Your task
Restate the following entries exactly. Keep the pictures out.

****************

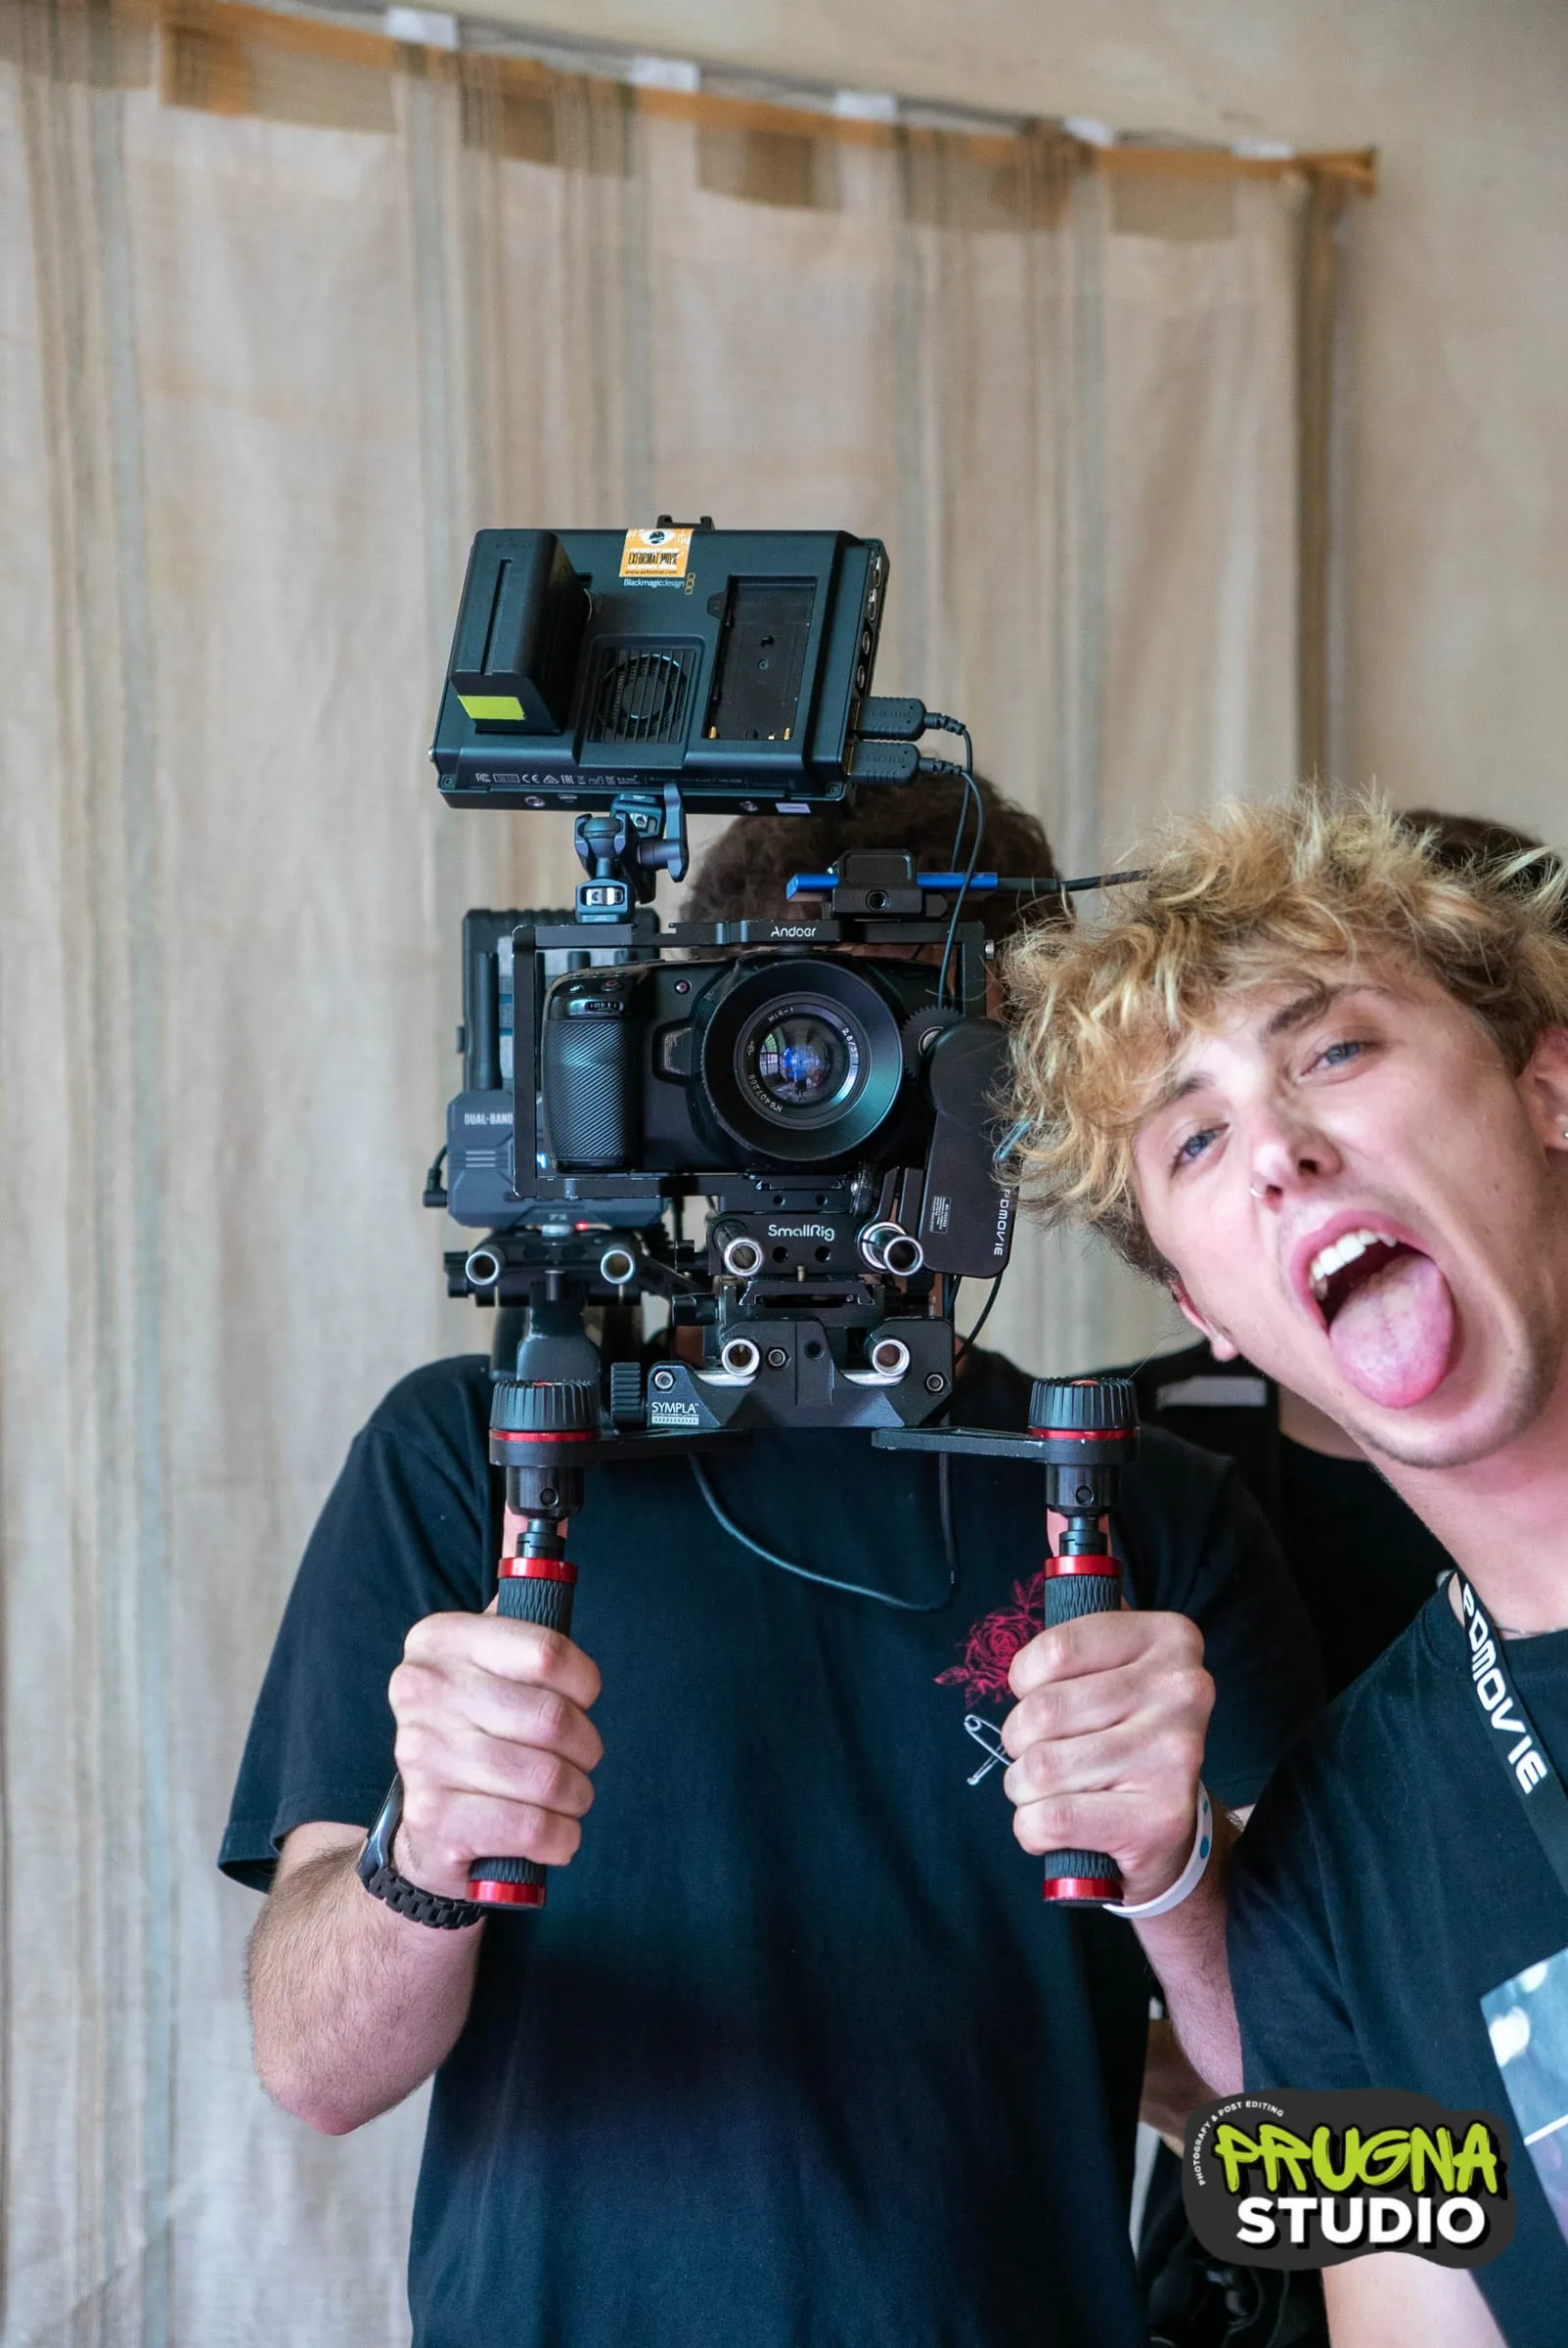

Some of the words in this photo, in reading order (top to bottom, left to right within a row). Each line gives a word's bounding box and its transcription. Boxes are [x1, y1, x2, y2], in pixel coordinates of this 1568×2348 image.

[771, 926, 817, 937] Andoer
[464, 1112, 514, 1125] DUAL-BAND
[768, 1224, 835, 1242] SmallRig
[1462, 1582, 1547, 1794] PDMOVIE

****************

Expected answer
Some of the words in this photo, in reading order (top to bottom, left to right within a row). Each line gives a word's bounding box and its transcription. Boxes are [x1, y1, x2, y2], in pixel coordinates of this 1568×2348 image.

[771, 926, 817, 937] Andoer
[464, 1112, 514, 1125] DUAL-BAND
[768, 1224, 835, 1242] SmallRig
[1462, 1582, 1547, 1794] PDMOVIE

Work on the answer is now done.